Between the lid and the body, a ventilation slit extends all around the circumference. For the same purpose, the bottom of the device is riddled with holes. However, during the test, we were fortunate in the idea that the grilles would not be superfluous at the side too – under the load the device is noticeably heated. No, it’s not critical, but it seems that the components inside the case would be more comfortable with a different cooling configuration. And certainly when attaching the Lyra to the wall with the help of two notches under the screws from the bottom it is not necessary to tear off the rubber feet, so that the body is more closely attached, because in this case the air flow will be blocked. On the bottom there is also an information sticker and a slightly recessed reset button.

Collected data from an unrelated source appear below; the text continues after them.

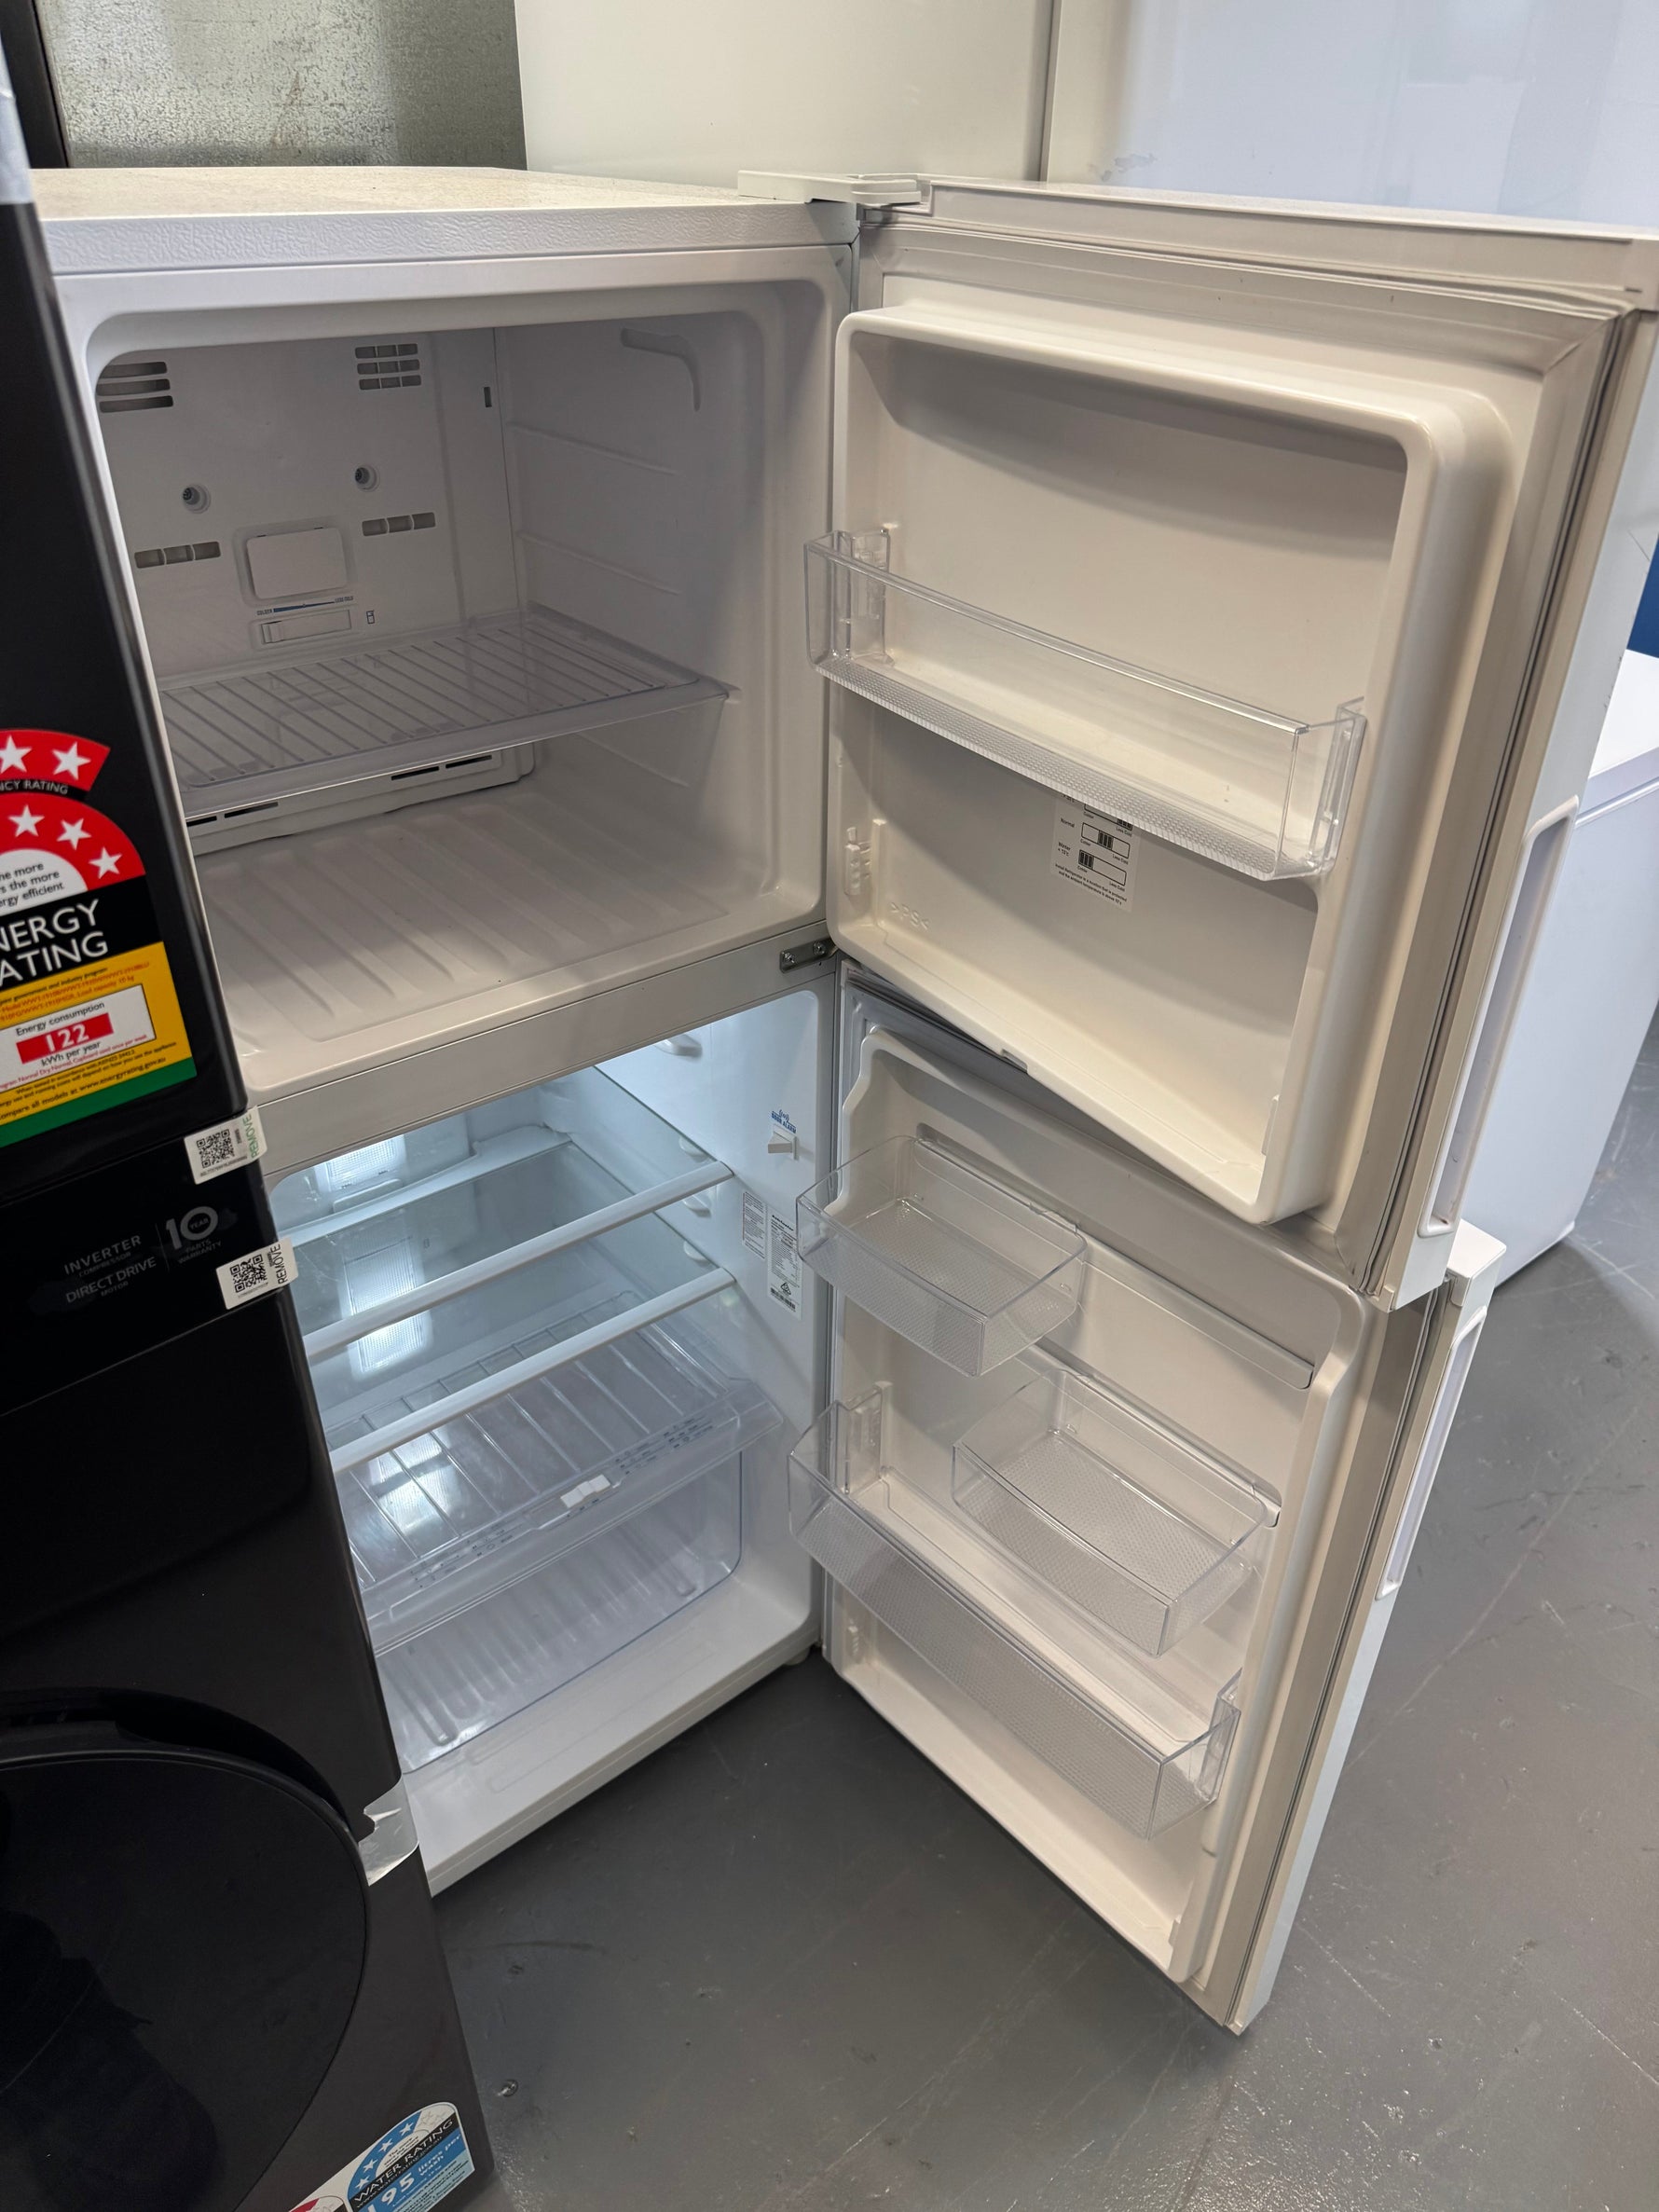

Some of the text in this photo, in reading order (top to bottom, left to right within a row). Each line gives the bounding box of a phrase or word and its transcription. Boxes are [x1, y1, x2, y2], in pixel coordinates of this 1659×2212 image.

[23, 779, 68, 794] RATING
[9, 880, 27, 891] the
[30, 872, 60, 886] more
[14, 863, 45, 877] more
[22, 882, 64, 900] efficient
[16, 1020, 48, 1037] Energy
[48, 1002, 105, 1025] consumption
[46, 1024, 89, 1052] 122
[41, 1041, 101, 1066] kWh per year
[32, 1099, 40, 1108] all
[42, 1092, 69, 1105] models
[242, 1113, 260, 1159] REMOVE
[166, 1206, 219, 1250] 10
[64, 1235, 142, 1275] INVERTER
[270, 1243, 289, 1285] REMOVE
[65, 1257, 157, 1303] DIRECT DRIVE
[101, 1281, 129, 1297] MOTOR
[445, 2133, 461, 2151] per
[354, 2163, 402, 2202] WATER
[404, 2119, 453, 2163] RATING
[419, 2154, 445, 2177] wash

If you fix Lyra vertically, then the connectors in a small notch on the case will look down. There are three of them: the power supply socket and two Gigabit Ethernet ports. In case of a set of several modules, the main one will have a blue sticker with the inscription Start near the block of ports. It is with him that you need to start installing Lyra: the cable of the ISP can be connected to any port (the device will remember it ), and then you can connect the power cord. After the initial setup of all the parameters, you can add other Lyra devices to the network. This is easy: just hold the Pairing button on the main module for three seconds and wait for it to start flashing green. Then, in the same way, hold Pairing on the other module and wait for the change in the back light. Repeat with the rest of Lyra.

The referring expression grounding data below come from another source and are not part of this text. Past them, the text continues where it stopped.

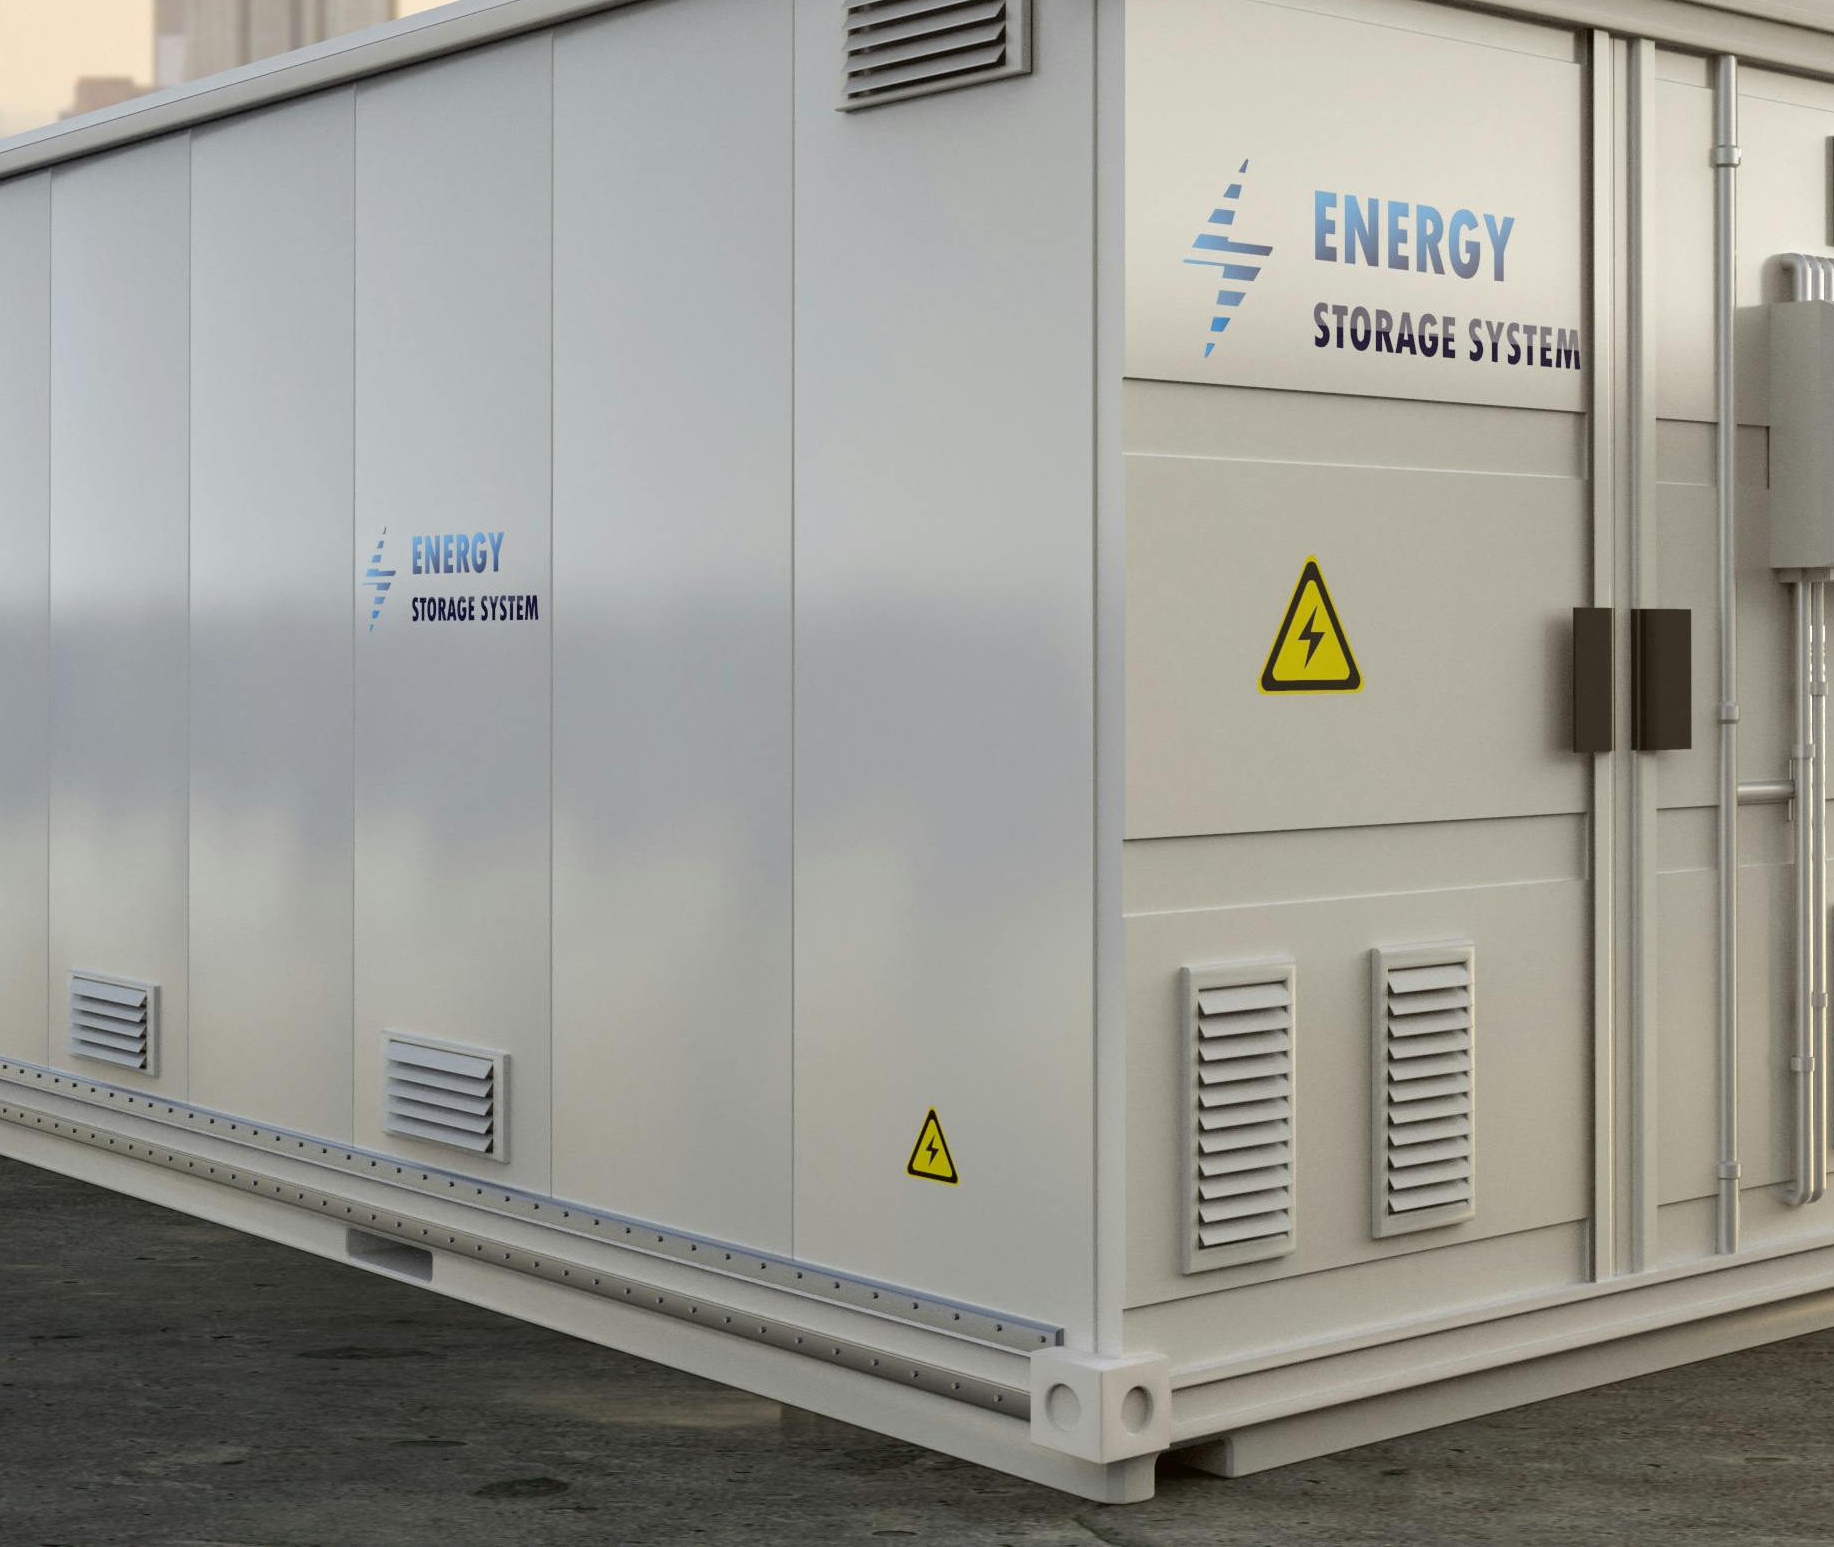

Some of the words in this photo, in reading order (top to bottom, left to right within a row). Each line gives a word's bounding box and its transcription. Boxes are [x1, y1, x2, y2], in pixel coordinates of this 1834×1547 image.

[1314, 190, 1515, 282] ENERGY
[1313, 302, 1456, 359] STORAGE
[1469, 318, 1581, 370] SYSTEM
[412, 532, 505, 575] ENERGY
[412, 596, 475, 622] STORAGE
[481, 595, 539, 621] SYSTEM

The manufacturer recommends that the modules be arranged so that they are in pairs in direct line of sight from each other. Or at least with a minimum of obstacles. In an extreme case, after the initial configuration, you can combine the modules and over a wired network for better stability. Absolutely from the wires, of course, do not get rid of – the food is still on the cable. A universal compact 24 Watt power supply is supplied with each device. It is designed for a network of 100-240 V 50/60 Hz, but – in our case – is equipped with a “flat” plug type A. The length of the power cable is 170 cm. Also included are a one and a half meter flat patch cord and a standard set of papers: warranty card , a brief instruction and a leaflet with technical support contacts. The Lyra kit sent to the test was clearly released for the US. Perhaps in Russian supplies and BP with the usual fork type C, and all the information in Russian.
The hardware of Lyra has an unusual configuration, and this explains its heating. The device has a Qualcomm IPQ4019 processor (4 × ARM Cortex-A7 with a frequency of 717 MHz), an additional radio module QCA9886 and a module Bluetooth 4.0 BLE AR3012 / IS1678SM. The capacity of flash memory for firmware is 128 MB, and the amount of RAM is 256 MB. ASUS Lyra is based on the platform Qualcomm Wi-Fi SON (Self Organizing Network), presented in the beginning of 2016. There are seven antennas inside the device. Each Lyra module offers one 802.11n access point of 2.4 GHz (up to 400 Mbps, 256-QAM, 40 MHz, channels 1-11) and two 802.11ac 5 GHz access points (up to 867 Mbps each, 80 MHz , channels 36-48 and 149-161), that is, belongs to the marketing class AC2200. The top 5 GHz channels are very well used for the organization of a backbone network between modules, since they are even allowed in the Russian Federation, but in fact they are still not supported by many client devices, and therefore are the most free.